__PROBLEM TO SOLVE__: Your task is to repeat each record verbatim, exactly as it was written.

__GIVEN DATA__:
+--

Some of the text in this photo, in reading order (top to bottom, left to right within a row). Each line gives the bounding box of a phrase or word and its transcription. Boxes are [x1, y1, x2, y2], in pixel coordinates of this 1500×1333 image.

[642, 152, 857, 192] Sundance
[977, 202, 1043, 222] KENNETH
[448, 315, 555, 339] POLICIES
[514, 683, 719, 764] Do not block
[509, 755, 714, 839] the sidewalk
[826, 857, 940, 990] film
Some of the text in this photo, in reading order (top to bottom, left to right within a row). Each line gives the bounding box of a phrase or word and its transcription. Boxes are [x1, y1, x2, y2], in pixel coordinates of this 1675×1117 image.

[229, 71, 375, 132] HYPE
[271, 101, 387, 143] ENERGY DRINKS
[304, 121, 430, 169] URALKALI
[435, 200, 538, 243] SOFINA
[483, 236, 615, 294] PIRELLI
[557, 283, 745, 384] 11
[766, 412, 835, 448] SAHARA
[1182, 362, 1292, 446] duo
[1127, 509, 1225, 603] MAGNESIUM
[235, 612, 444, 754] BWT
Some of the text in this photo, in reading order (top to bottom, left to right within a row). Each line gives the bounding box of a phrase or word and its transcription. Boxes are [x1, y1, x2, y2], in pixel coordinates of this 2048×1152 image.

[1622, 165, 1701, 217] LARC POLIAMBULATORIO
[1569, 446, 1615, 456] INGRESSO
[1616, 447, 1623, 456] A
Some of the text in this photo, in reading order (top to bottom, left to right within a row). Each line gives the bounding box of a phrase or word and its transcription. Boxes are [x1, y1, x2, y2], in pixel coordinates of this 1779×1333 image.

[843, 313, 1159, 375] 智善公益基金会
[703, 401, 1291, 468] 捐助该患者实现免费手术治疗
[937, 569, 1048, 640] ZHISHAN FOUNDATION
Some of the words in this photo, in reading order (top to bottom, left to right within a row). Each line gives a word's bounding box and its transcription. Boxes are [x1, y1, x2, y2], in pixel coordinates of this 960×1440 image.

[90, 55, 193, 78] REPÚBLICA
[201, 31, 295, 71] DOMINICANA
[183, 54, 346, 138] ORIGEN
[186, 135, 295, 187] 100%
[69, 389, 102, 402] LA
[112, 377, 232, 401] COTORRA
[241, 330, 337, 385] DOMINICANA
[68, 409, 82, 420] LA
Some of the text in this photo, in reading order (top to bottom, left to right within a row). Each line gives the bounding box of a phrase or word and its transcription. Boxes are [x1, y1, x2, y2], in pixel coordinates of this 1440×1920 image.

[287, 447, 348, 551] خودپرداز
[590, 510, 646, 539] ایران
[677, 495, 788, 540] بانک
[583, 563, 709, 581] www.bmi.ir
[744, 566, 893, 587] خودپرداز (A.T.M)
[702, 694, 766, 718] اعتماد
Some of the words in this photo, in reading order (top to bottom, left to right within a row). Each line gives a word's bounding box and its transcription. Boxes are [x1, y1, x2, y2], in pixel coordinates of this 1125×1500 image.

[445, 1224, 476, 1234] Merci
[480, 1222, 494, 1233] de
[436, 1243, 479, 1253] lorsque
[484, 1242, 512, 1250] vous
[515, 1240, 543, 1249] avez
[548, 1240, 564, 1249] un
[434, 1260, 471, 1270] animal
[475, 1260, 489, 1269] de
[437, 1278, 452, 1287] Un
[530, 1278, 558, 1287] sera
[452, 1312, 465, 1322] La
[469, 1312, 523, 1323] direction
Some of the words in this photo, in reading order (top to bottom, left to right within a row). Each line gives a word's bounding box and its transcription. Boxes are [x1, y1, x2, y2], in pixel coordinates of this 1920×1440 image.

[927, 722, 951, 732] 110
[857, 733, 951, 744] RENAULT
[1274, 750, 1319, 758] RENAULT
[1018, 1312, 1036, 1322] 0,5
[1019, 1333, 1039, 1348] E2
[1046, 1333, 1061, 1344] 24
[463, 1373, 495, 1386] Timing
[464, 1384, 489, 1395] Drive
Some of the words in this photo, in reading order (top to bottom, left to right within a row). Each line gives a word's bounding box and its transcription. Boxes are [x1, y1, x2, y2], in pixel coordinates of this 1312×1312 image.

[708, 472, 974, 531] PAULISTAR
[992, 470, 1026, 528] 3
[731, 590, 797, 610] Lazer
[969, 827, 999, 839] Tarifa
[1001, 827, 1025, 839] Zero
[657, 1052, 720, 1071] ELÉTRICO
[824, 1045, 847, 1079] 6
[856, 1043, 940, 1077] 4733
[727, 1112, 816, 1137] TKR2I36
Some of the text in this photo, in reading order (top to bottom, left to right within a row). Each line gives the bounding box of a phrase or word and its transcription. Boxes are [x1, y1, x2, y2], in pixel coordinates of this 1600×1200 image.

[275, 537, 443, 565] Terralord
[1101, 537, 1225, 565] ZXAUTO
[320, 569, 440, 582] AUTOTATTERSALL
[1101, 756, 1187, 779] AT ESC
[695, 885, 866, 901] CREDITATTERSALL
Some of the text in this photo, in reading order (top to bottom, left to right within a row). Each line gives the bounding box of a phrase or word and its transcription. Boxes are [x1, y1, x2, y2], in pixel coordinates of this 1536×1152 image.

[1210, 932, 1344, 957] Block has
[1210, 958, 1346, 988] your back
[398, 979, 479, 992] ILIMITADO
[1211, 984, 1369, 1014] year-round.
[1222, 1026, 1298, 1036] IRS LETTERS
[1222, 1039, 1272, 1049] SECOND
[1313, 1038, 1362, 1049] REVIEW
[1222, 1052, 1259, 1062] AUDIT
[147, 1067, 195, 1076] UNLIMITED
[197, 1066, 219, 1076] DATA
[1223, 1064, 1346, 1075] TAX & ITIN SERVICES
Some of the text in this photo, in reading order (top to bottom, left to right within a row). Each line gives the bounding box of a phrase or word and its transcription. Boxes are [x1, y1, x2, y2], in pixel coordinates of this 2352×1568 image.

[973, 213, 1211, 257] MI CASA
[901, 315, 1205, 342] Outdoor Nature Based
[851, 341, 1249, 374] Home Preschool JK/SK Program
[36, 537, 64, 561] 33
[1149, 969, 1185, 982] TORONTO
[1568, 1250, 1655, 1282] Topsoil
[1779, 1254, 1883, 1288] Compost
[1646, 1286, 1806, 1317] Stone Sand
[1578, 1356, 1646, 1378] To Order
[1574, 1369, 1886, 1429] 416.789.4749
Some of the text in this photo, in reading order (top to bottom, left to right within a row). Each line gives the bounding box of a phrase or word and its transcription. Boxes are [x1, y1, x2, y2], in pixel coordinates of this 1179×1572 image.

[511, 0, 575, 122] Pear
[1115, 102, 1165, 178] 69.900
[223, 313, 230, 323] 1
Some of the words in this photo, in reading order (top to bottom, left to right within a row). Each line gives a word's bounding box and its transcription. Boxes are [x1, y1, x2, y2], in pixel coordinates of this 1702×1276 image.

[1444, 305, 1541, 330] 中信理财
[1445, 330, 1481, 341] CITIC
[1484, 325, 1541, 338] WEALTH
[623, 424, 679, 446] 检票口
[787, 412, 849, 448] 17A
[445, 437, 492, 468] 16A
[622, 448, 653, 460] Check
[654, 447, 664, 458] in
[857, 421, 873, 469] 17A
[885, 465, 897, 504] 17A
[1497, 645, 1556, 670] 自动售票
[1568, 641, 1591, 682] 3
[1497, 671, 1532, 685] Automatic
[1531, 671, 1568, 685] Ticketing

+--

__RESULT__:
Some of the text in this photo, in reading order (top to bottom, left to right within a row). Each line gives the bounding box of a phrase or word and its transcription. Boxes are [x1, y1, x2, y2], in pixel coordinates of this 1500×1333 image.

[642, 152, 857, 192] Sundance
[977, 202, 1043, 222] KENNETH
[448, 315, 555, 339] POLICIES
[514, 683, 719, 764] Do not block
[509, 755, 714, 839] the sidewalk
[826, 857, 940, 990] film
Some of the text in this photo, in reading order (top to bottom, left to right within a row). Each line gives the bounding box of a phrase or word and its transcription. Boxes are [x1, y1, x2, y2], in pixel coordinates of this 1675×1117 image.

[229, 71, 375, 132] HYPE
[271, 101, 387, 143] ENERGY DRINKS
[304, 121, 430, 169] URALKALI
[435, 200, 538, 243] SOFINA
[483, 236, 615, 294] PIRELLI
[557, 283, 745, 384] 11
[766, 412, 835, 448] SAHARA
[1182, 362, 1292, 446] duo
[1127, 509, 1225, 603] MAGNESIUM
[235, 612, 444, 754] BWT
Some of the text in this photo, in reading order (top to bottom, left to right within a row). Each line gives the bounding box of a phrase or word and its transcription. Boxes are [x1, y1, x2, y2], in pixel coordinates of this 2048×1152 image.

[1622, 165, 1701, 217] LARC POLIAMBULATORIO
[1569, 446, 1615, 456] INGRESSO
[1616, 447, 1623, 456] A
Some of the text in this photo, in reading order (top to bottom, left to right within a row). Each line gives the bounding box of a phrase or word and its transcription. Boxes are [x1, y1, x2, y2], in pixel coordinates of this 1779×1333 image.

[843, 313, 1159, 375] 智善公益基金会
[703, 401, 1291, 468] 捐助该患者实现免费手术治疗
[937, 569, 1048, 640] ZHISHAN FOUNDATION
Some of the words in this photo, in reading order (top to bottom, left to right within a row). Each line gives a word's bounding box and its transcription. Boxes are [x1, y1, x2, y2], in pixel coordinates of this 960×1440 image.

[90, 55, 193, 78] REPÚBLICA
[201, 31, 295, 71] DOMINICANA
[183, 54, 346, 138] ORIGEN
[186, 135, 295, 187] 100%
[69, 389, 102, 402] LA
[112, 377, 232, 401] COTORRA
[241, 330, 337, 385] DOMINICANA
[68, 409, 82, 420] LA
Some of the text in this photo, in reading order (top to bottom, left to right within a row). Each line gives the bounding box of a phrase or word and its transcription. Boxes are [x1, y1, x2, y2], in pixel coordinates of this 1440×1920 image.

[287, 447, 348, 551] خودپرداز
[590, 510, 646, 539] ایران
[677, 495, 788, 540] بانک
[583, 563, 709, 581] www.bmi.ir
[744, 566, 893, 587] خودپرداز (A.T.M)
[702, 694, 766, 718] اعتماد
Some of the words in this photo, in reading order (top to bottom, left to right within a row). Each line gives a word's bounding box and its transcription. Boxes are [x1, y1, x2, y2], in pixel coordinates of this 1125×1500 image.

[445, 1224, 476, 1234] Merci
[480, 1222, 494, 1233] de
[436, 1243, 479, 1253] lorsque
[484, 1242, 512, 1250] vous
[515, 1240, 543, 1249] avez
[548, 1240, 564, 1249] un
[434, 1260, 471, 1270] animal
[475, 1260, 489, 1269] de
[437, 1278, 452, 1287] Un
[530, 1278, 558, 1287] sera
[452, 1312, 465, 1322] La
[469, 1312, 523, 1323] direction
Some of the words in this photo, in reading order (top to bottom, left to right within a row). Each line gives a word's bounding box and its transcription. Boxes are [x1, y1, x2, y2], in pixel coordinates of this 1920×1440 image.

[927, 722, 951, 732] 110
[857, 733, 951, 744] RENAULT
[1274, 750, 1319, 758] RENAULT
[1018, 1312, 1036, 1322] 0,5
[1019, 1333, 1039, 1348] E2
[1046, 1333, 1061, 1344] 24
[463, 1373, 495, 1386] Timing
[464, 1384, 489, 1395] Drive
Some of the words in this photo, in reading order (top to bottom, left to right within a row). Each line gives a word's bounding box and its transcription. Boxes are [x1, y1, x2, y2], in pixel coordinates of this 1312×1312 image.

[708, 472, 974, 531] PAULISTAR
[992, 470, 1026, 528] 3
[731, 590, 797, 610] Lazer
[969, 827, 999, 839] Tarifa
[1001, 827, 1025, 839] Zero
[657, 1052, 720, 1071] ELÉTRICO
[824, 1045, 847, 1079] 6
[856, 1043, 940, 1077] 4733
[727, 1112, 816, 1137] TKR2I36
Some of the text in this photo, in reading order (top to bottom, left to right within a row). Each line gives the bounding box of a phrase or word and its transcription. Boxes are [x1, y1, x2, y2], in pixel coordinates of this 1600×1200 image.

[275, 537, 443, 565] Terralord
[1101, 537, 1225, 565] ZXAUTO
[320, 569, 440, 582] AUTOTATTERSALL
[1101, 756, 1187, 779] AT ESC
[695, 885, 866, 901] CREDITATTERSALL
Some of the text in this photo, in reading order (top to bottom, left to right within a row). Each line gives the bounding box of a phrase or word and its transcription. Boxes are [x1, y1, x2, y2], in pixel coordinates of this 1536×1152 image.

[1210, 932, 1344, 957] Block has
[1210, 958, 1346, 988] your back
[398, 979, 479, 992] ILIMITADO
[1211, 984, 1369, 1014] year-round.
[1222, 1026, 1298, 1036] IRS LETTERS
[1222, 1039, 1272, 1049] SECOND
[1313, 1038, 1362, 1049] REVIEW
[1222, 1052, 1259, 1062] AUDIT
[147, 1067, 195, 1076] UNLIMITED
[197, 1066, 219, 1076] DATA
[1223, 1064, 1346, 1075] TAX & ITIN SERVICES
Some of the text in this photo, in reading order (top to bottom, left to right within a row). Each line gives the bounding box of a phrase or word and its transcription. Boxes are [x1, y1, x2, y2], in pixel coordinates of this 2352×1568 image.

[973, 213, 1211, 257] MI CASA
[901, 315, 1205, 342] Outdoor Nature Based
[851, 341, 1249, 374] Home Preschool JK/SK Program
[36, 537, 64, 561] 33
[1149, 969, 1185, 982] TORONTO
[1568, 1250, 1655, 1282] Topsoil
[1779, 1254, 1883, 1288] Compost
[1646, 1286, 1806, 1317] Stone Sand
[1578, 1356, 1646, 1378] To Order
[1574, 1369, 1886, 1429] 416.789.4749
Some of the text in this photo, in reading order (top to bottom, left to right within a row). Each line gives the bounding box of a phrase or word and its transcription. Boxes are [x1, y1, x2, y2], in pixel coordinates of this 1179×1572 image.

[511, 0, 575, 122] Pear
[1115, 102, 1165, 178] 69.900
[223, 313, 230, 323] 1
Some of the words in this photo, in reading order (top to bottom, left to right within a row). Each line gives a word's bounding box and its transcription. Boxes are [x1, y1, x2, y2], in pixel coordinates of this 1702×1276 image.

[1444, 305, 1541, 330] 中信理财
[1445, 330, 1481, 341] CITIC
[1484, 325, 1541, 338] WEALTH
[623, 424, 679, 446] 检票口
[787, 412, 849, 448] 17A
[445, 437, 492, 468] 16A
[622, 448, 653, 460] Check
[654, 447, 664, 458] in
[857, 421, 873, 469] 17A
[885, 465, 897, 504] 17A
[1497, 645, 1556, 670] 自动售票
[1568, 641, 1591, 682] 3
[1497, 671, 1532, 685] Automatic
[1531, 671, 1568, 685] Ticketing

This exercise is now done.